台風17号 長崎など暴風域に 23日朝にかけ九州北部に接近

台風17号 長崎など暴風域に 23日朝にかけ九州北部に接近
大型の台風17号は長崎県などを暴風域に巻き込みながら北寄りに進んでいて、これから23日朝にかけて暴風域を伴ったまま九州北部や中国地方にかなり接近する見込みです。

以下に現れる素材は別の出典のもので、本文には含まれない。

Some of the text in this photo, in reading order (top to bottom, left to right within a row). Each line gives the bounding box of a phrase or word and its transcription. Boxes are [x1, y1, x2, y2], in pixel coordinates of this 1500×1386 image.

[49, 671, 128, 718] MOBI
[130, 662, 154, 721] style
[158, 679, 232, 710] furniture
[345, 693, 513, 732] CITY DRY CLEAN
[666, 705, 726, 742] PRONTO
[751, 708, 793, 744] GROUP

湿った空気の影響で局地的に非常に激しい雨が降っていて暴風や高波のほか、大雨に警戒が必要です。
気象庁によりますと、大型の台風17号は、午後5時には、長崎県五島市の西北西60キロの海上を1時間に30キロの速さで北北東へ進んでいるとみられます。

中心の気圧は975ヘクトパスカル、最大風速は30メートル、最大瞬間風速は45メートルで、中心の南東側200キロ以内と北西側150キロ以内では風速25メートル以上の暴風が吹いています。

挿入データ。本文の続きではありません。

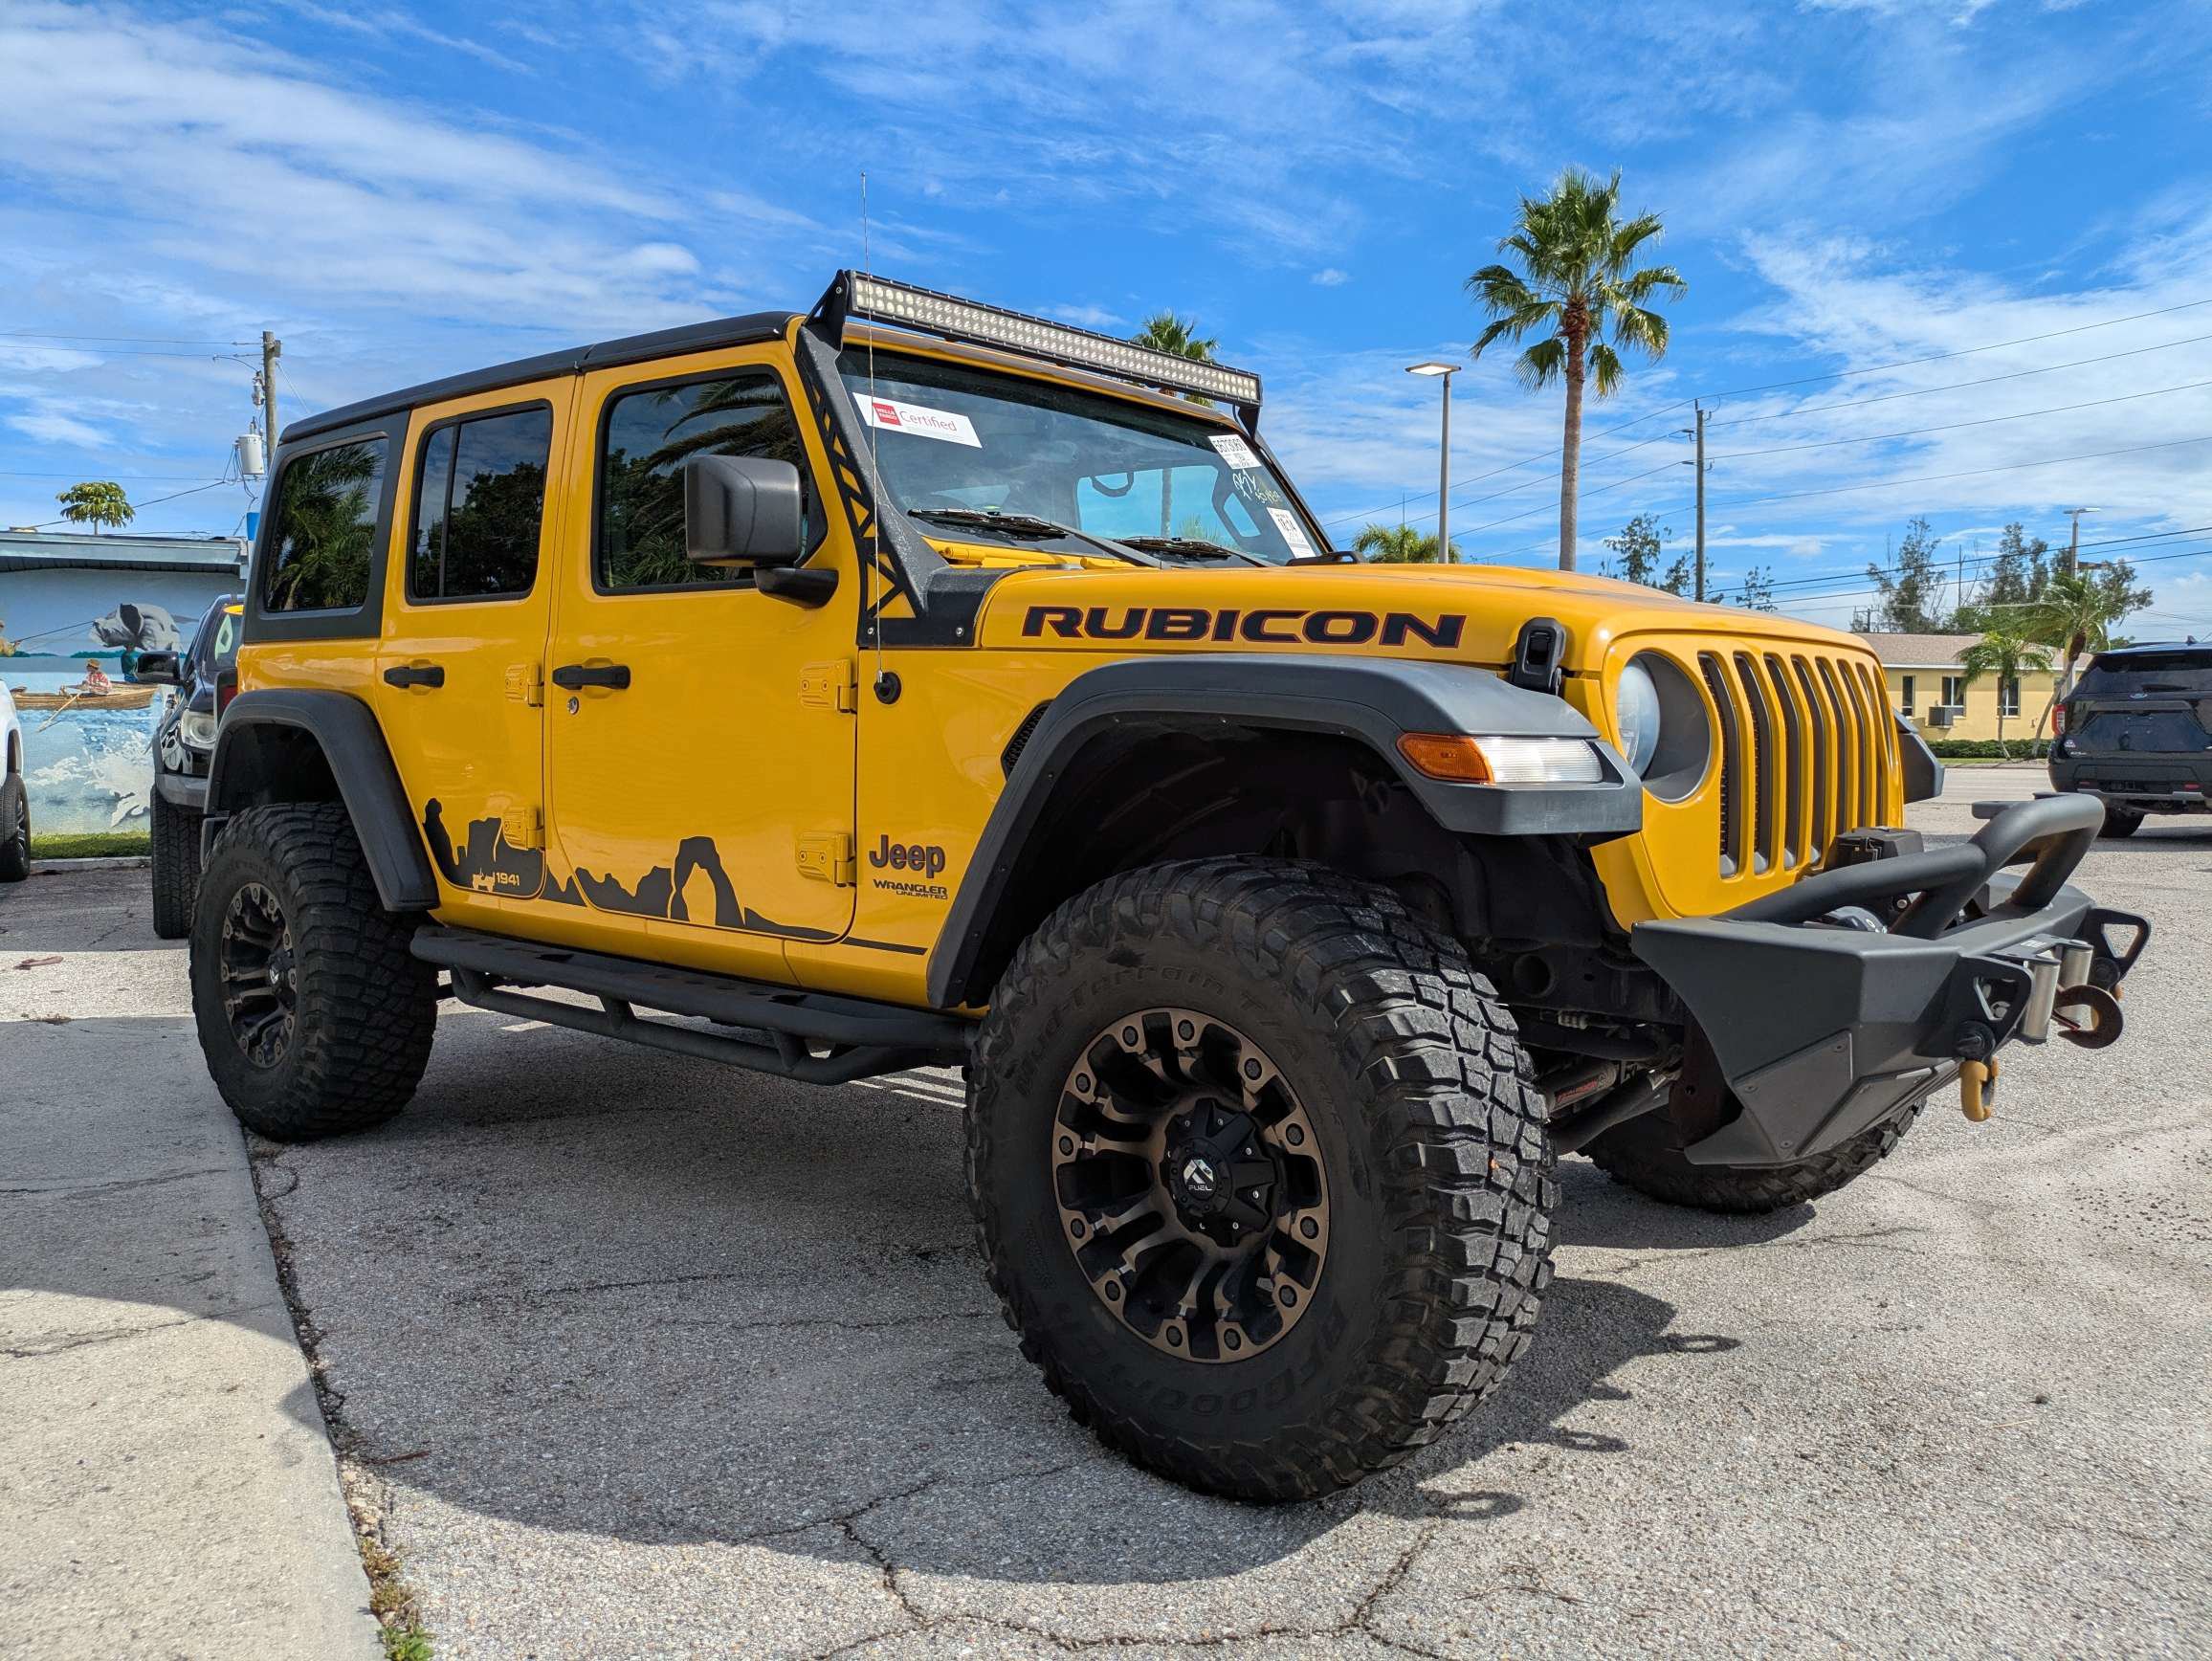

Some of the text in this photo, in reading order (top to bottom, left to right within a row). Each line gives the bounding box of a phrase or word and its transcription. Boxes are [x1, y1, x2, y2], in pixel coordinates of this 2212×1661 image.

[900, 410, 957, 432] Certified
[1021, 606, 1467, 648] RUBICON
[869, 834, 946, 879] Jeep
[496, 872, 520, 886] 1941
[874, 878, 947, 896] WRANGLER
[896, 890, 948, 900] UNLIMITED

この時間、長崎県や佐賀県熊本県、鹿児島県の一部が台風の暴風域に入っています。

長崎県では▽午後4時ごろに長崎市野母崎で38.2メートル、▽午後3時ごろに五島市で35.2メートルの最大瞬間風速を観測しました。

台風周辺の湿った空気が流れ込み、九州や四国、東海などで局地的に雨雲が発達していて、午後4時までの1時間に▽国土交通省が徳島県那賀町に設置した雨量計で50ミリの非常に激しい雨を、▽長崎県が平戸市に設置した雨量計で33ミリの激しい雨を観測しました。

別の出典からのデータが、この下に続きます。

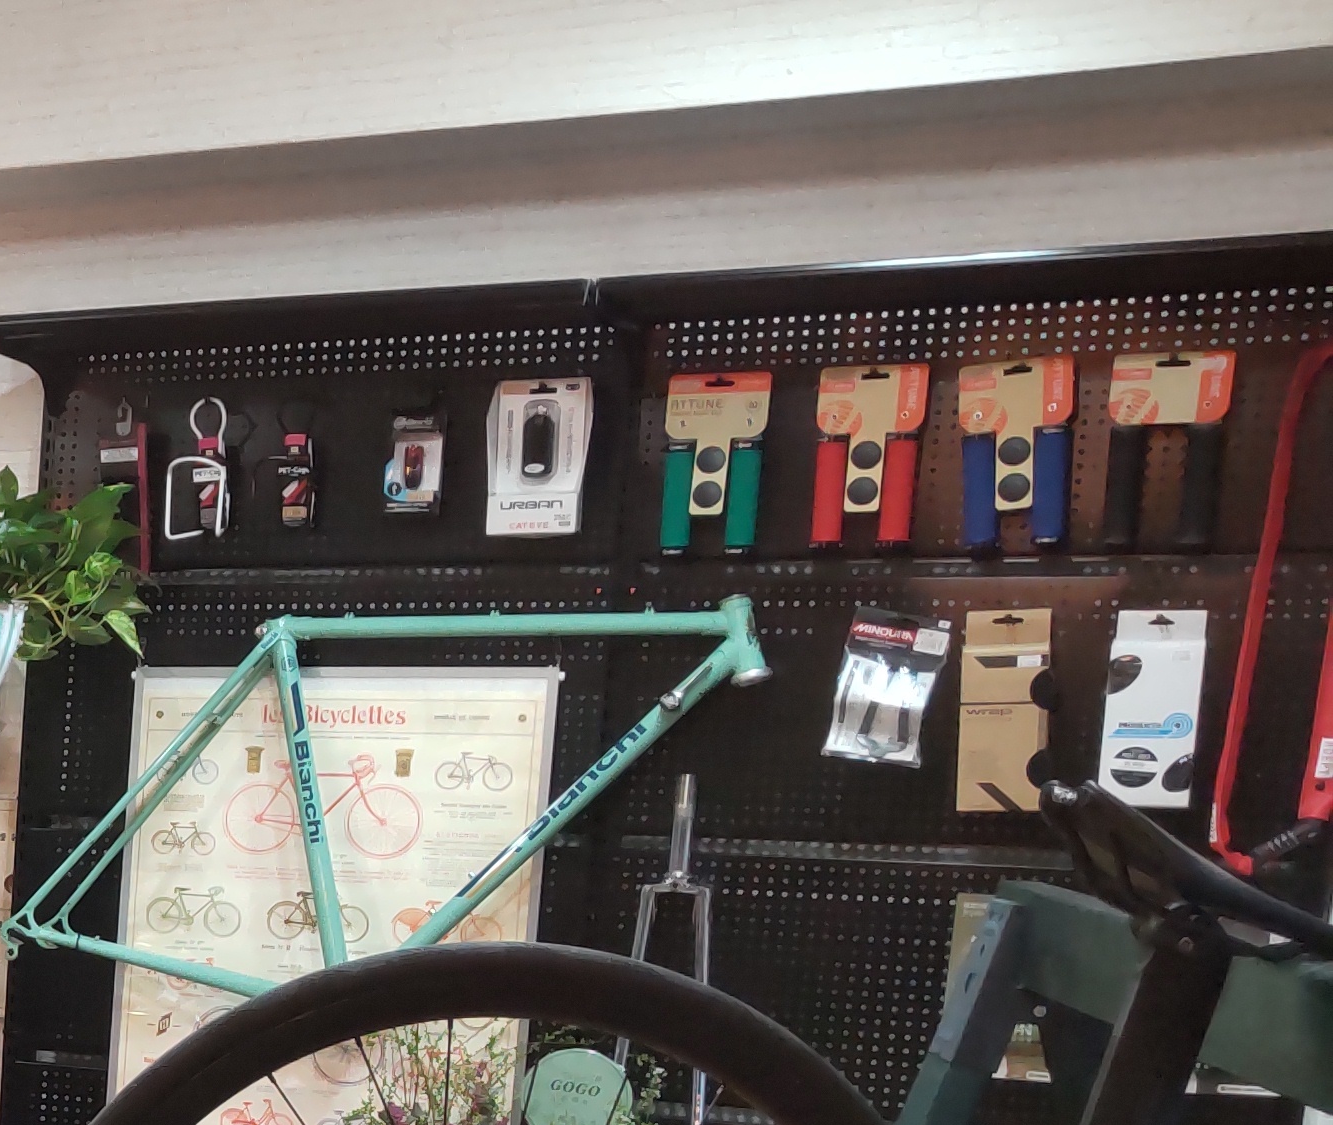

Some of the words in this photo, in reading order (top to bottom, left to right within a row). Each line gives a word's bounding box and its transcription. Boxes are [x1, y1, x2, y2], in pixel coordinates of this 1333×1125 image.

九州では、降り始めからの雨量が多いところでおよそ450ミリに達し、熊本県、大分県、徳島県では土砂災害の危険性が非常に高まり「土砂災害警戒情報」が発表されている地域があります。

台風は暴風域を伴ったまま、これから23日朝にかけて九州北部や中国地方にかなり接近したあと勢力を保ったまま日本海を北東へ進み、その後温帯低気圧となって北日本に近づく見込みです。

台風の北上にともなって23日にかけて西日本から北日本の広い範囲で非常に強い風が吹き、局地的には猛烈な風が吹くおそれがあります。

23日にかけて予想される最大風速は▽九州北部と中国地方で30メートル、▽九州南部と近畿、北陸、東北、北海道で25メートル、▽四国で23メートル、最大瞬間風速は▽九州北部と中国地方で45メートル、▽このほかの広い範囲で35メートルに達する見込みです。

海上は▽九州北部で猛烈なしけになるほか、▽西日本から北日本の広い範囲で23日にかけて大しけとなる見込みです。

また、23日にかけて西日本から北日本の広い範囲で局地的に雷を伴って非常に激しい雨が降るおそれがあり、23日昼までの24時間に降る雨の量は、いずれも多いところで▽四国で350ミリ、▽九州北部で250ミリ、▽近畿と東海で180ミリ、▽九州南部と中国地方で150ミリと予想されています。

さらに24日昼までの24時間には、▽北海道で100ミリから200ミリ、▽東海で100ミリから150ミリの雨が降る見込みです。

気象庁は暴風や高波、高潮のほか、土砂災害や川の増水、低い土地の浸水に警戒するよう呼びかけています。

台風の中心から離れている地域でも風や雨が強まって竜巻などの激しい突風のおそれがあり十分な注意が必要です。